Amico mio: grazie assai! 

 

Il 16/11/2019 alle 17:31, bwv582 ha scritto:

Questa è l'unica cosa che credo posso segnalarti, per il resto il racconto è inappuntabile per le mie conoscenze ortografiche e sintattiche...

Sei stato fin troppo caritatevole... per il "di", sì: grammaticalmente è giusto come suggerisci tu, io l'avevo provato a usare appositamente senza "di" per ricalcare una sorta di parlata gergale... ma vedrò...

 

In quanto alla tua confusione, è sicuramente anche attribuile alla mia scrittura... questa cosa di rendere Napoleone il protagonista, l'ho inserita in un secondo momento, piano piano, cercando di mantenermi più in sordina possibile: non volevo troppo dirlo "Sono Napoleone" ma provare a lasciarlo solo come rivelazione finale, poi ho inserito però alcuni particolari più vicini a lui... la chiesa di San Luigi nel complesso dei Les Invalides, ad esempio, è dove poi è stato sepolto Bonaparte... tecnicamente, da quel poco che ho capito, dietro la stessa chiesa di San Luigi, a lei attaccata c'è questa seconda chiesa a croce greca e dalla cupola d'oro dove appunto c'è la tomba...

 

La parte dei re dei re, che forse ti ha fatto cadere maggiormente in confusione è in questo voluta come ulteriore commistione di genere... pensavo a una sorta di scorcio fantasy, non ti dico al "Signore degli Anelli" ma quasi... per farti capire... quando poi tu parli di magia o del ciclo di Artù, sono elementi voluti in questa commistione di generi... sì, pensavo proprio a una sorta di magia che magari storicamente non era credo dell'epoca o tantomeno di Napoleone (non ho controllato)... ma volevo cercar di creare una sorta di realtà storica alternativa, non solo per l'inventata vicenda amorosa, ma proprio dove fosse possibile avere una conoscenza culturale storica magari diversa, in questo senso proprio quella che hai percepito tu: come se per il Napoleone (definiamolo di questa realtà) la magia fosse un argomento più normale di quanto non lo era storicamente.

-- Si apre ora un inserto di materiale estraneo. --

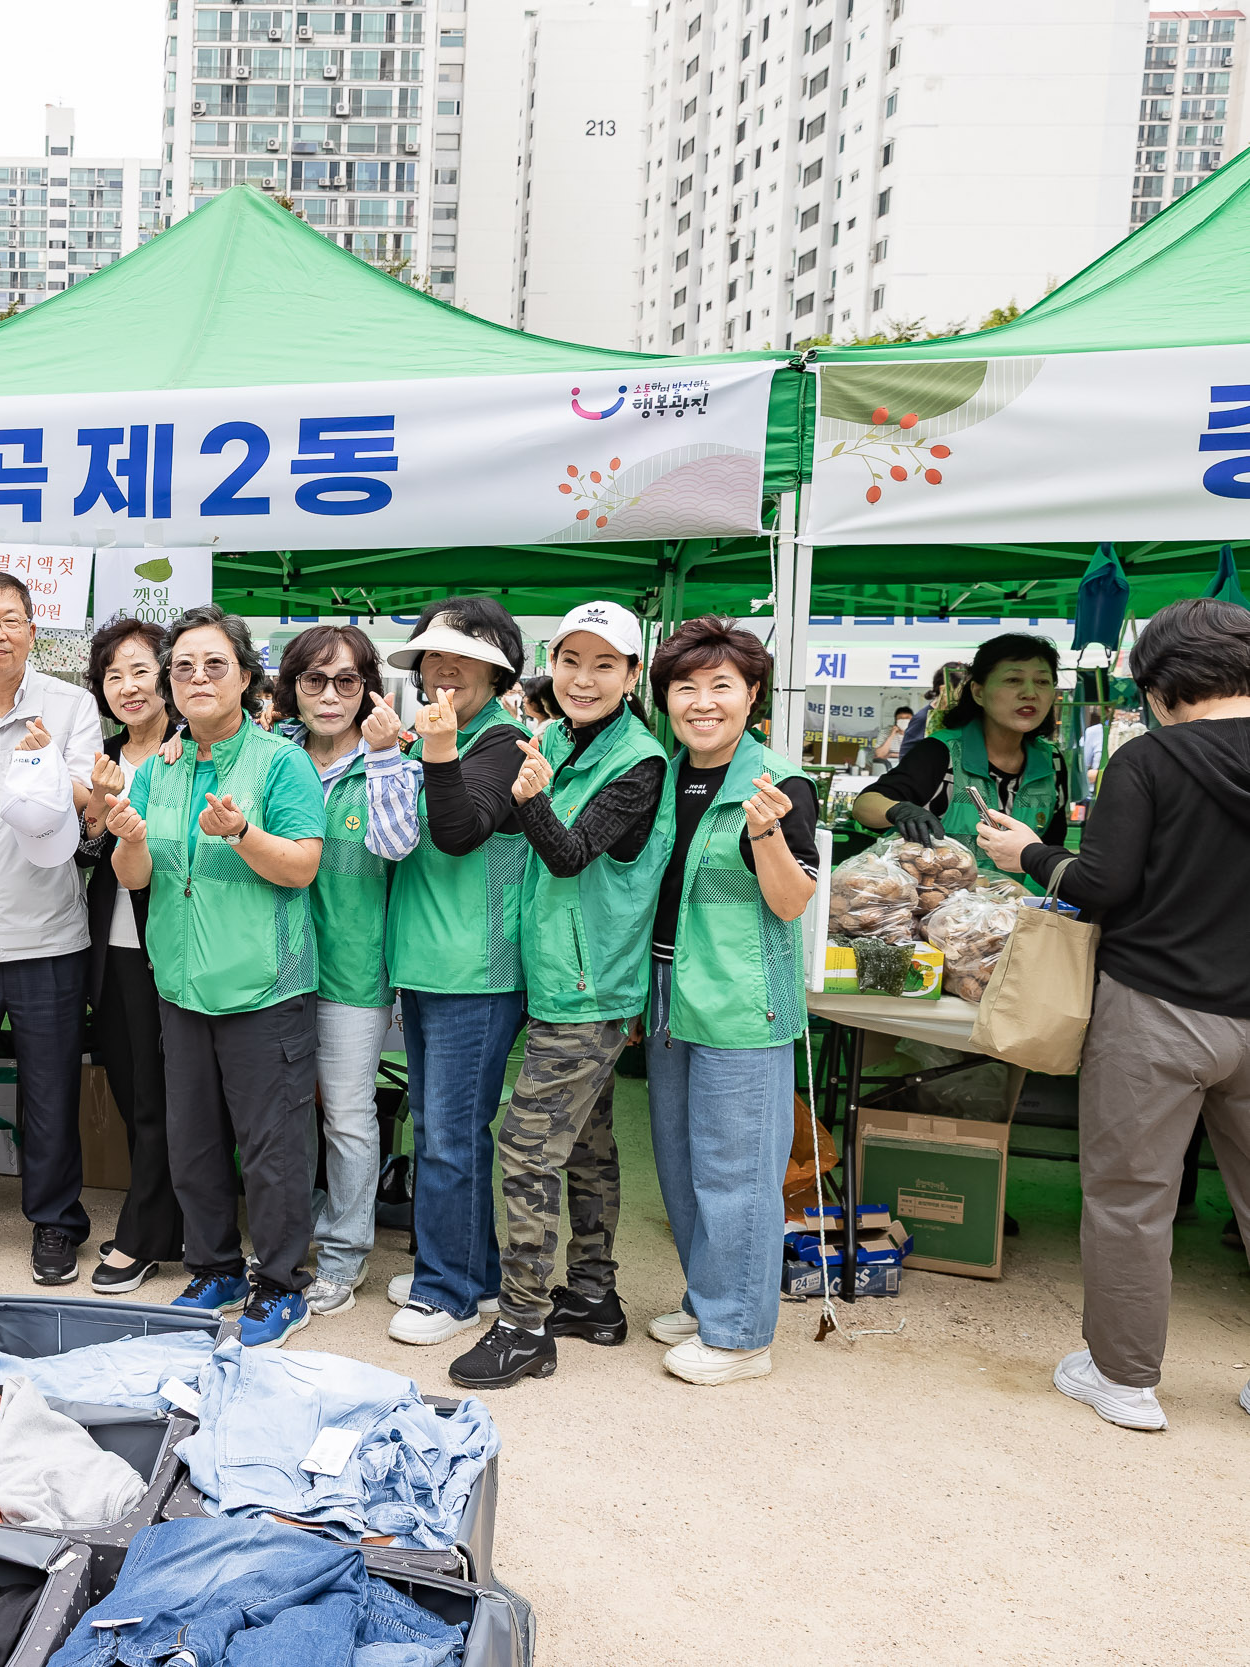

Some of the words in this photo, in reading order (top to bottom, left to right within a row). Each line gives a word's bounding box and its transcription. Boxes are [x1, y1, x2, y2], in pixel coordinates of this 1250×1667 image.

[585, 119, 616, 136] 213
[632, 393, 709, 418] 행복광진
[578, 616, 608, 625] adidas
[889, 654, 920, 679] 군
[795, 1277, 808, 1291] 24

Non riesco neanche a spiegarmi troppo bene... la pecca che invece io riscontro è forse proprio questa: avere inserito troppi elementi senza puntare specificamente su nessuno, che quindi può o potrebbe essere diverse cose... certo, come ti dicevo, a Carlo Magno non avevo proprio pensato... ma è sempre bello, spero, viaggiare sui racconti anche in maniera diversa da quello che intende l'autore...

 

In quanto al senso finale del tuo commento, alla fine era esattamente quello che volevo dire, quello che comunque è per me il senso del racconto... tutto il resto è una scusa per parlarne.

 

Grazie ancora e al solito per tutto... a presto, carissimo!